What I find so interesting is that it’s not limited to comparing human and algorithmic judgment; it’s my current method versus a new method, irrelevant of whether that new method is human or technology.
Dietvorst: Yes, absolutely. That’s exactly what I’ve been finding.
I think one of the questions that’s going to come up is, “Well, what do I do about this? Is simple recognition of the bias enough to counter it?”
Dietvorst: If I can convince someone that the right question to ask is, “Does this algorithm outperform what you’re currently using?” instead of, “Does this algorithm meet some lofty performance goal?” and that person buys in and says, “Yes, you’re right, I should use algorithms that outperform what I’m currently doing,” then, yes, that would work. I don’t know how easy or hard it would be to get people to buy into that, though.
And in a larger organization, thousands of decisions are being made every day. Without this bias being known, there really isn’t an obvious corrective measure, is there?
Dietvorst: The studies I’ve done suggest a couple restrictions that could reduce the bias.
People are deciding whether or not to use the algorithm by comparing it to the performance goal that they have. If you incentivize people to attempt to deliver performance much better than an algorithm has shown it’s capable of, it’s not so surprising that they ditch the algorithm to chase down that incentive with human judgment — even if it’s unrealistic they will achieve it.

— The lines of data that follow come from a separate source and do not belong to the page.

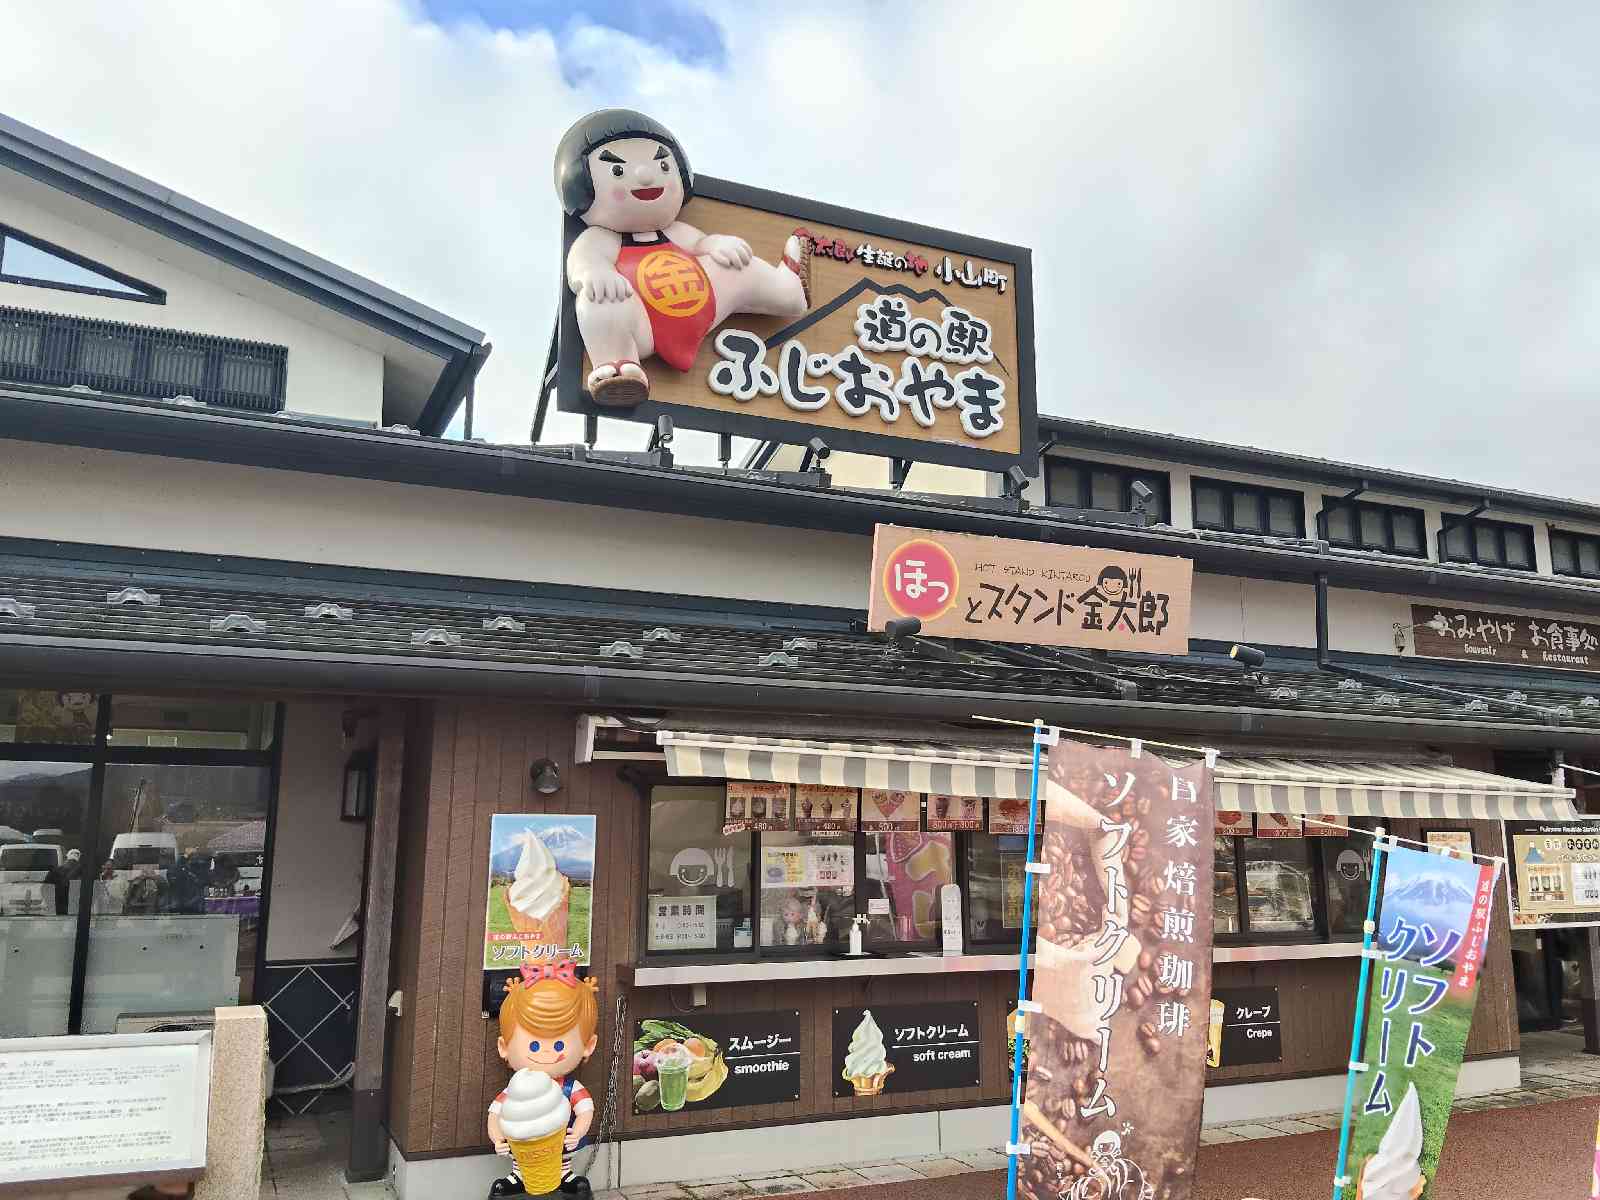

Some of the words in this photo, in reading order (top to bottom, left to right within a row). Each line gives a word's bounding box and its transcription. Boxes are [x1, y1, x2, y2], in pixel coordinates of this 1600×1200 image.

[644, 252, 705, 310] 金
[933, 255, 1008, 295] 小山町
[856, 295, 994, 365] 道の駅
[708, 329, 1007, 438] ふじおやま
[894, 559, 950, 603] ほっ
[1003, 565, 1036, 577] STAND
[1428, 611, 1516, 645] おみやげ
[1528, 621, 1599, 653] お食事処
[1542, 651, 1589, 665] Restaurant
[492, 943, 585, 961] ソフトクリーム
[1080, 770, 1137, 1119] ソフトクリーム
[1236, 1006, 1271, 1020] クレープ
[1403, 922, 1464, 1068] ソフト
[894, 1023, 969, 1042] ソフトクリーム
[1364, 916, 1420, 1117] クリーム
[728, 1034, 792, 1051] スムージー
[912, 1051, 936, 1062] soft
[937, 1049, 971, 1060] cream
[734, 1060, 790, 1075] smoothie

If you lower their performance goal, the algorithm will be compared more favorably and people may be more likely to use it.
So the problem exists in situations where the goal itself is unreasonable.

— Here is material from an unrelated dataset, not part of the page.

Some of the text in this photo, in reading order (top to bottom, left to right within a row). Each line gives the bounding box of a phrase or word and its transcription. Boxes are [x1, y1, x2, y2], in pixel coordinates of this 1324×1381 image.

Dietvorst: Yes, if you have some forecasting goal that is very hard to achieve and an algorithm hasn’t achieved it in the past, then you could see how it would make sense, in a certain way, for people not to use the algorithm. They’re pretty sure it’s not going to achieve the goal. So they use human judgment and end up performing even worse than the algorithm.
Presumably, we’re in an age now where the quality of algorithms is increasing — perhaps dramatically. I’m wondering whether this phenomenon will make our biases more or less pronounced. On the one hand, you could see the quality of algorithms catching up to people’s reference points. But the inverse of that is the reference point will continue to move at a speed as high if not higher than the ability of the algorithm.
Dietvorst: I agree: That could go either way. But I would like to push back a little bit on this idea that algorithms are really great. The literature shows that on average, when predicting human behavior, algorithms are about 10% to 15% better than humans. But humans are very bad at it. Algorithms are significantly better but nowhere near perfection. In many domains, I don’t see any way that they’re going to get close to perfection very soon.
There is a lot of uncertainty in the world that can’t be resolved or reduced — that is unknowable. Like when you roll a die you don’t know what number is going to come up until it happens. A lot of that type of aleatory uncertainty is determining outcomes in the real world. Algorithms can’t explain that.
Suppose Google Maps is telling you the fastest route to a new place. It can’t predict if there’s going to be a giant accident right in front of you when you’re halfway there. And so, as long as there’s random error and there’s aleatory uncertainty that factors into a lot of these outcomes — which it does to a larger extent than people recognize — algorithms aren’t going to be perfect, and they aren’t really even going to be close to perfect. They’ll just be better than humans.
So what’s next? Is this an ongoing field of study for you?
Dietvorst: Absolutely. There’s a lot more to understand about how people think algorithms operate; what they think are the differences between algorithms and humans; and how that affects their use of algorithms. There’s still really interesting research to be done.